▸ TASK GOAL
Could you transcribe every entry below exactly, leaving out the pictures?

▸ SOURCE MATERIAL
· · ·

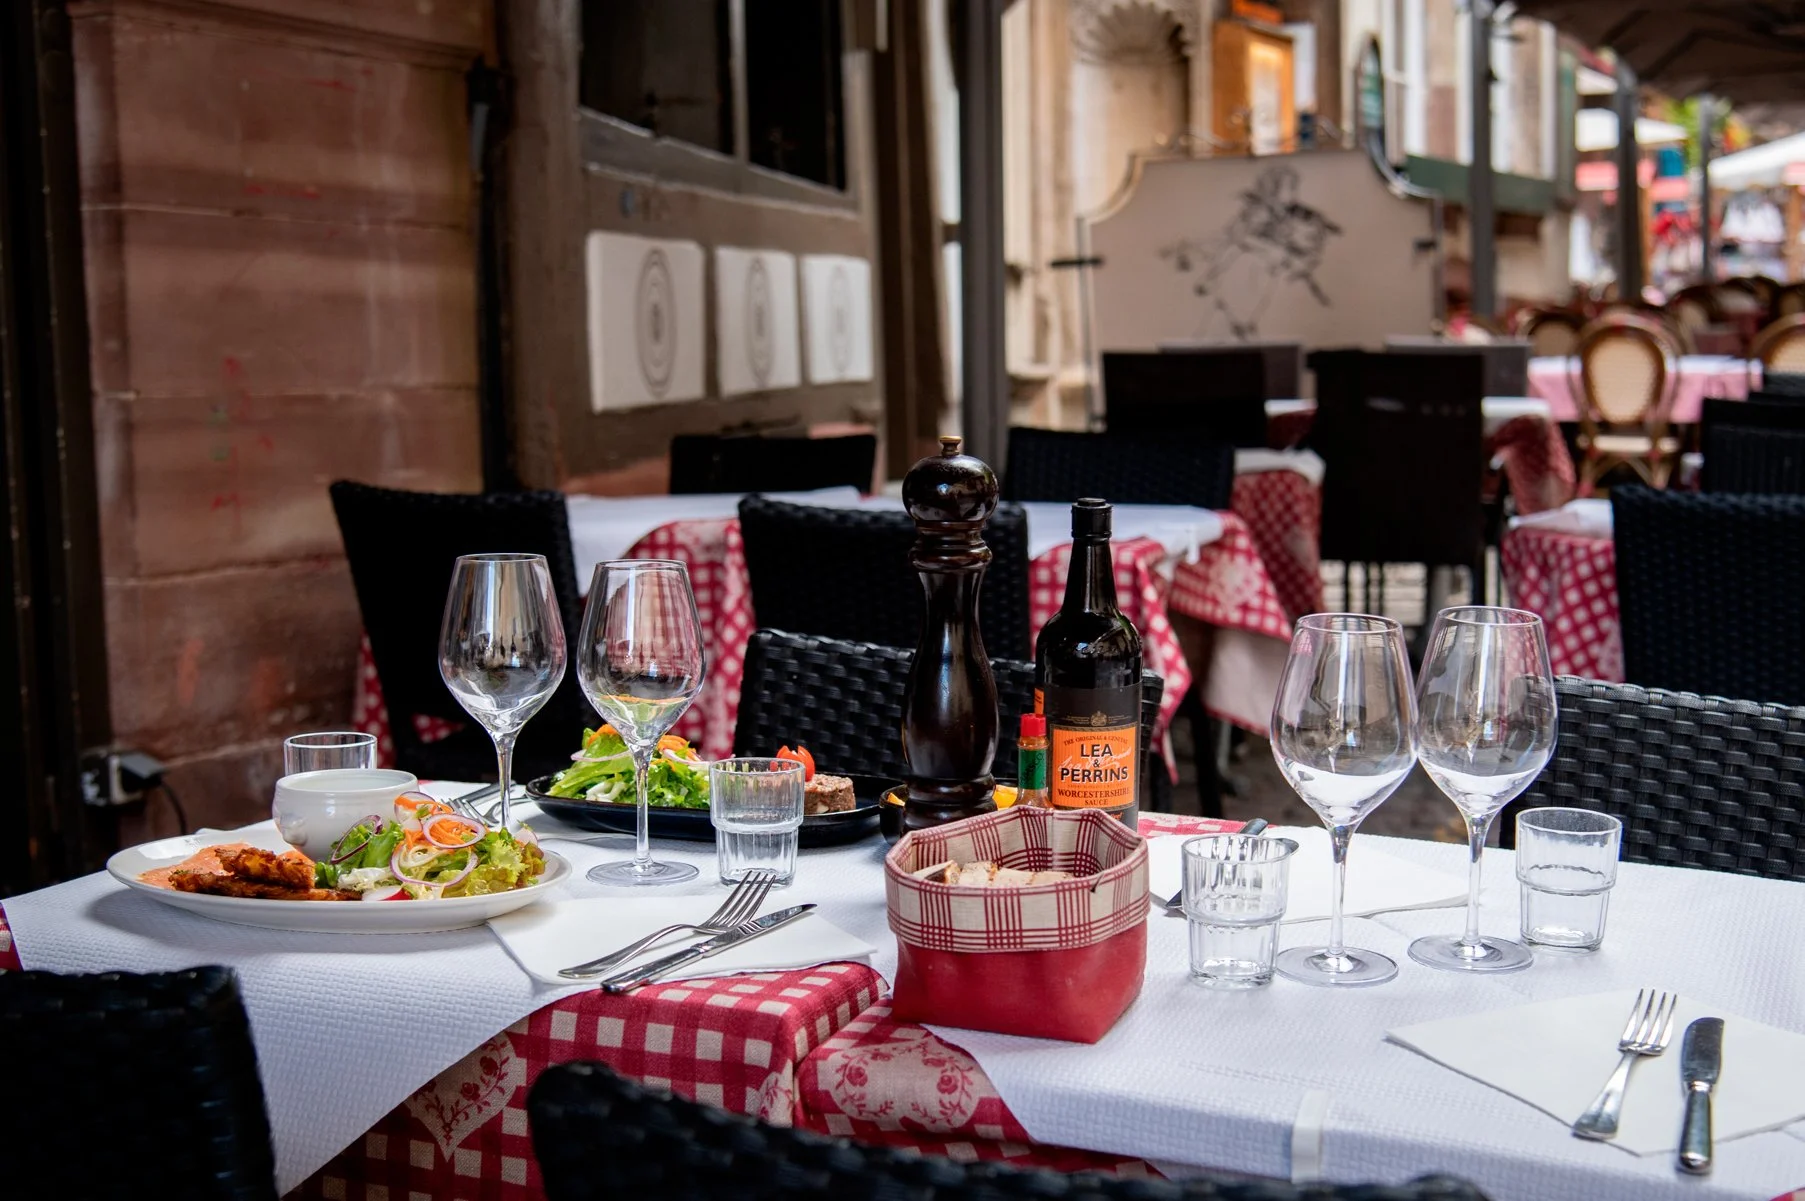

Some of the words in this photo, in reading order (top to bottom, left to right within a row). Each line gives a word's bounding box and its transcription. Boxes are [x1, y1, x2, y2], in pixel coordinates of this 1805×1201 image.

[1075, 735, 1102, 743] ORIGINAL
[1081, 744, 1113, 757] LEA
[1093, 759, 1100, 768] &
[1061, 767, 1128, 783] PERRINS
[1057, 787, 1130, 798] WORCESTERSHIRE

· · ·

▸ RESPONSE
Some of the words in this photo, in reading order (top to bottom, left to right within a row). Each line gives a word's bounding box and its transcription. Boxes are [x1, y1, x2, y2], in pixel coordinates of this 1805×1201 image.

[1075, 735, 1102, 743] ORIGINAL
[1081, 744, 1113, 757] LEA
[1093, 759, 1100, 768] &
[1061, 767, 1128, 783] PERRINS
[1057, 787, 1130, 798] WORCESTERSHIRE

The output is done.